*** Information provided
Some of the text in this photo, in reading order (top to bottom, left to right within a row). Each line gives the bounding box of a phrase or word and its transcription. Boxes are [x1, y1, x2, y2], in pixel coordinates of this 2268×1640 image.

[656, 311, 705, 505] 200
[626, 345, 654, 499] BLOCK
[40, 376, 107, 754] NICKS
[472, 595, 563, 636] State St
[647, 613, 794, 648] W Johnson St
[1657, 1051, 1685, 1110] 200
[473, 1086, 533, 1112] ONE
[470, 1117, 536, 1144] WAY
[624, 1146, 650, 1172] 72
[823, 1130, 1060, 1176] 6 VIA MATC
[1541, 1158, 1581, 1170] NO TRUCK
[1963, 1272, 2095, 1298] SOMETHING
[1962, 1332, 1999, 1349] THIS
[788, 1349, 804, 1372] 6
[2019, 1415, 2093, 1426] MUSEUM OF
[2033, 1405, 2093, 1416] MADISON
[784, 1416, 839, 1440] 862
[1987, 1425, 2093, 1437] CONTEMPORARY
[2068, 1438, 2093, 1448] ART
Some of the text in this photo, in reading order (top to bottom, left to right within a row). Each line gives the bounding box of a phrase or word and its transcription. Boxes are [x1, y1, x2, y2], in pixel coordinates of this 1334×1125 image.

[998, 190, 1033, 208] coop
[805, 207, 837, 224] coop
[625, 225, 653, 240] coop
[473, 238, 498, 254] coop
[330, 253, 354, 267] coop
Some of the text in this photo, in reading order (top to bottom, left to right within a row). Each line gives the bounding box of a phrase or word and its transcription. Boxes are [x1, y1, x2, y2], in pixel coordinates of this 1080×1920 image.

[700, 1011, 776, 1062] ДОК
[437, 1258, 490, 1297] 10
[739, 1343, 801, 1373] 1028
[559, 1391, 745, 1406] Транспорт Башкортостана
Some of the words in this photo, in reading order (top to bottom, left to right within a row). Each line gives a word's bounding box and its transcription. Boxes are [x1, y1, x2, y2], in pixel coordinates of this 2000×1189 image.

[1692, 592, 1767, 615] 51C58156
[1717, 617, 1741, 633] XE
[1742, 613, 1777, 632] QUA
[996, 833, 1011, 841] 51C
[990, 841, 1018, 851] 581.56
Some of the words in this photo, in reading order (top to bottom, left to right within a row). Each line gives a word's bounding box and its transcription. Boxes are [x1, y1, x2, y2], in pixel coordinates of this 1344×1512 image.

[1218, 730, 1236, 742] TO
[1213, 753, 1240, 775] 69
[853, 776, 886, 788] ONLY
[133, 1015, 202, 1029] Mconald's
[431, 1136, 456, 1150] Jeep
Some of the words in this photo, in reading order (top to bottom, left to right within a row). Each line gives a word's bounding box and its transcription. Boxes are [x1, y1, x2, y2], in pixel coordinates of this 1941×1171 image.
******
▶ [Task brief]:
Every entry in the listing must be retyped exactly.

▶ [Exercise result]:
Some of the text in this photo, in reading order (top to bottom, left to right within a row). Each line gives the bounding box of a phrase or word and its transcription. Boxes are [x1, y1, x2, y2], in pixel coordinates of this 2268×1640 image.

[656, 311, 705, 505] 200
[626, 345, 654, 499] BLOCK
[40, 376, 107, 754] NICKS
[472, 595, 563, 636] State St
[647, 613, 794, 648] W Johnson St
[1657, 1051, 1685, 1110] 200
[473, 1086, 533, 1112] ONE
[470, 1117, 536, 1144] WAY
[624, 1146, 650, 1172] 72
[823, 1130, 1060, 1176] 6 VIA MATC
[1541, 1158, 1581, 1170] NO TRUCK
[1963, 1272, 2095, 1298] SOMETHING
[1962, 1332, 1999, 1349] THIS
[788, 1349, 804, 1372] 6
[2019, 1415, 2093, 1426] MUSEUM OF
[2033, 1405, 2093, 1416] MADISON
[784, 1416, 839, 1440] 862
[1987, 1425, 2093, 1437] CONTEMPORARY
[2068, 1438, 2093, 1448] ART
Some of the text in this photo, in reading order (top to bottom, left to right within a row). Each line gives the bounding box of a phrase or word and its transcription. Boxes are [x1, y1, x2, y2], in pixel coordinates of this 1334×1125 image.

[998, 190, 1033, 208] coop
[805, 207, 837, 224] coop
[625, 225, 653, 240] coop
[473, 238, 498, 254] coop
[330, 253, 354, 267] coop
Some of the text in this photo, in reading order (top to bottom, left to right within a row). Each line gives the bounding box of a phrase or word and its transcription. Boxes are [x1, y1, x2, y2], in pixel coordinates of this 1080×1920 image.

[700, 1011, 776, 1062] ДОК
[437, 1258, 490, 1297] 10
[739, 1343, 801, 1373] 1028
[559, 1391, 745, 1406] Транспорт Башкортостана
Some of the words in this photo, in reading order (top to bottom, left to right within a row). Each line gives a word's bounding box and its transcription. Boxes are [x1, y1, x2, y2], in pixel coordinates of this 2000×1189 image.

[1692, 592, 1767, 615] 51C58156
[1717, 617, 1741, 633] XE
[1742, 613, 1777, 632] QUA
[996, 833, 1011, 841] 51C
[990, 841, 1018, 851] 581.56
Some of the words in this photo, in reading order (top to bottom, left to right within a row). Each line gives a word's bounding box and its transcription. Boxes are [x1, y1, x2, y2], in pixel coordinates of this 1344×1512 image.

[1218, 730, 1236, 742] TO
[1213, 753, 1240, 775] 69
[853, 776, 886, 788] ONLY
[133, 1015, 202, 1029] Mconald's
[431, 1136, 456, 1150] Jeep
Some of the words in this photo, in reading order (top to bottom, left to right within a row). Each line gives a word's bounding box and its transcription. Boxes are [x1, y1, x2, y2], in pixel coordinates of this 1941×1171 image.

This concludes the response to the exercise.